■ Directions:
Without including the images, transcribe each record precisely as it appears below.

----

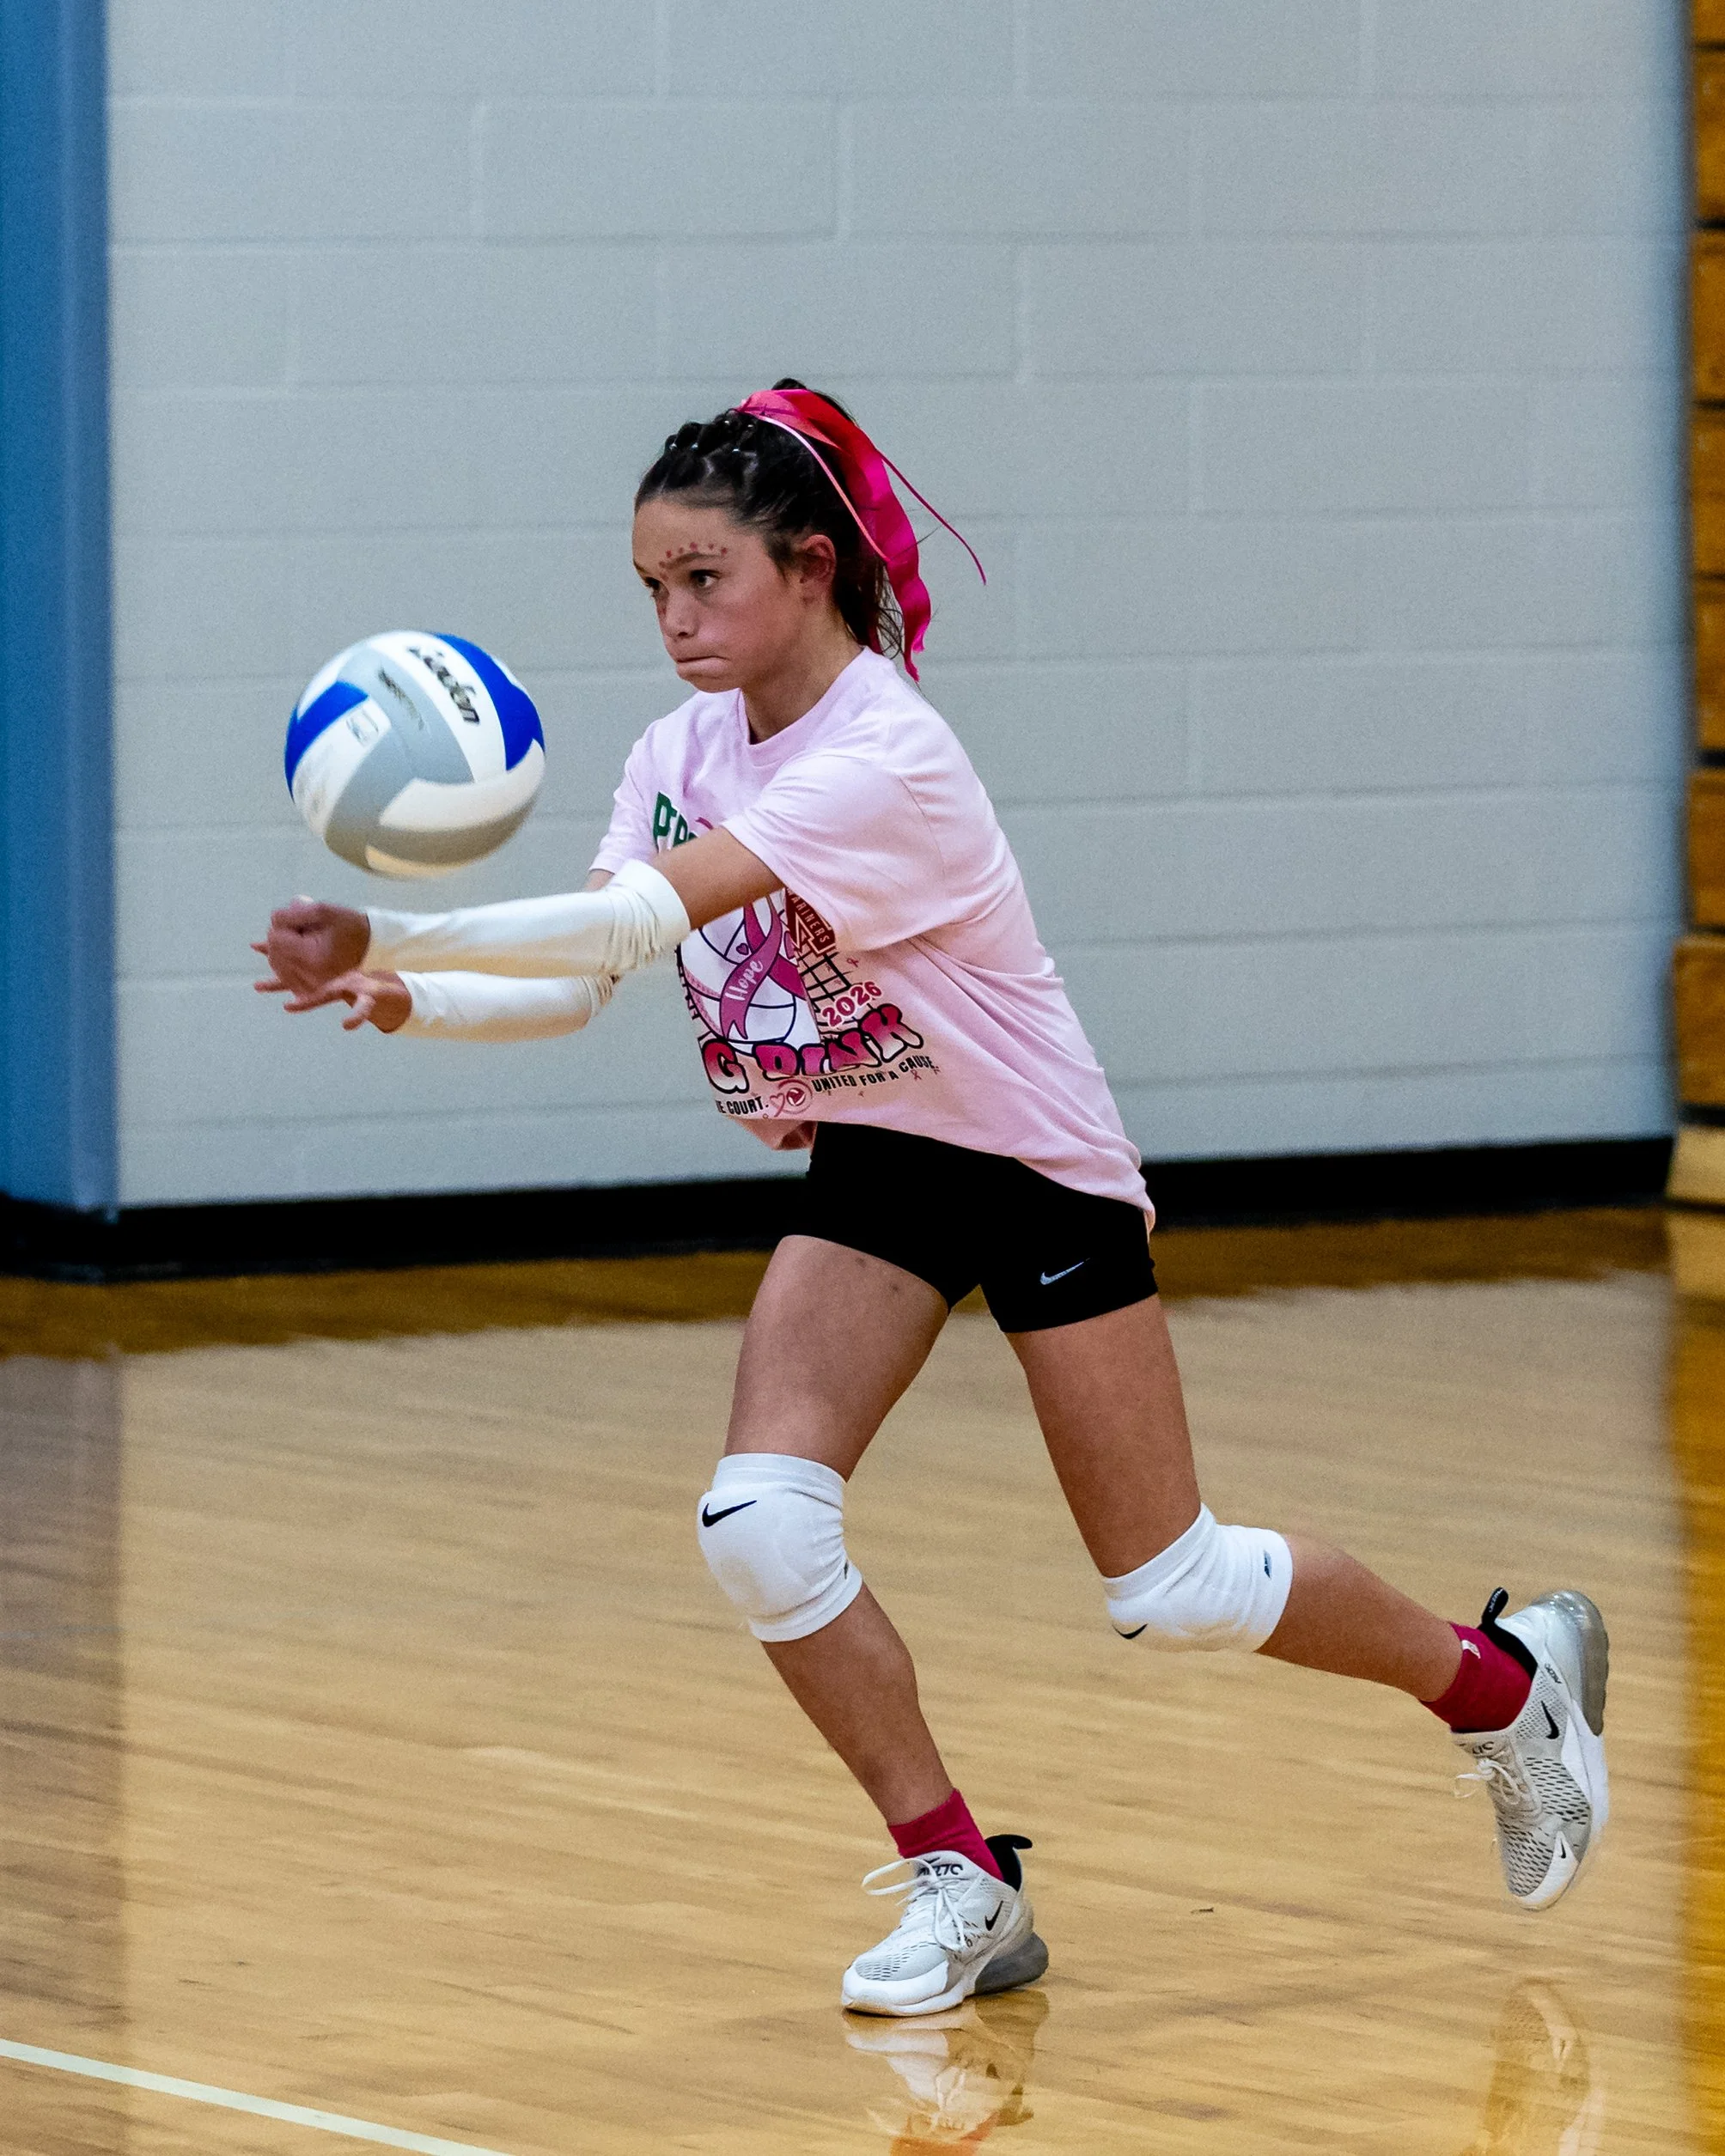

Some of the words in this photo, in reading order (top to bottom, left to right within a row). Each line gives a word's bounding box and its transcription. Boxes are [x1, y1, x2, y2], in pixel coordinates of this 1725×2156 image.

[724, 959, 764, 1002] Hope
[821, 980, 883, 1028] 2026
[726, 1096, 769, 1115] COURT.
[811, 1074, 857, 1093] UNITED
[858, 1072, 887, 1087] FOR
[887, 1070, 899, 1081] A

----

■ The completed task:
Some of the words in this photo, in reading order (top to bottom, left to right within a row). Each line gives a word's bounding box and its transcription. Boxes are [x1, y1, x2, y2], in pixel coordinates of this 1725×2156 image.

[724, 959, 764, 1002] Hope
[821, 980, 883, 1028] 2026
[726, 1096, 769, 1115] COURT.
[811, 1074, 857, 1093] UNITED
[858, 1072, 887, 1087] FOR
[887, 1070, 899, 1081] A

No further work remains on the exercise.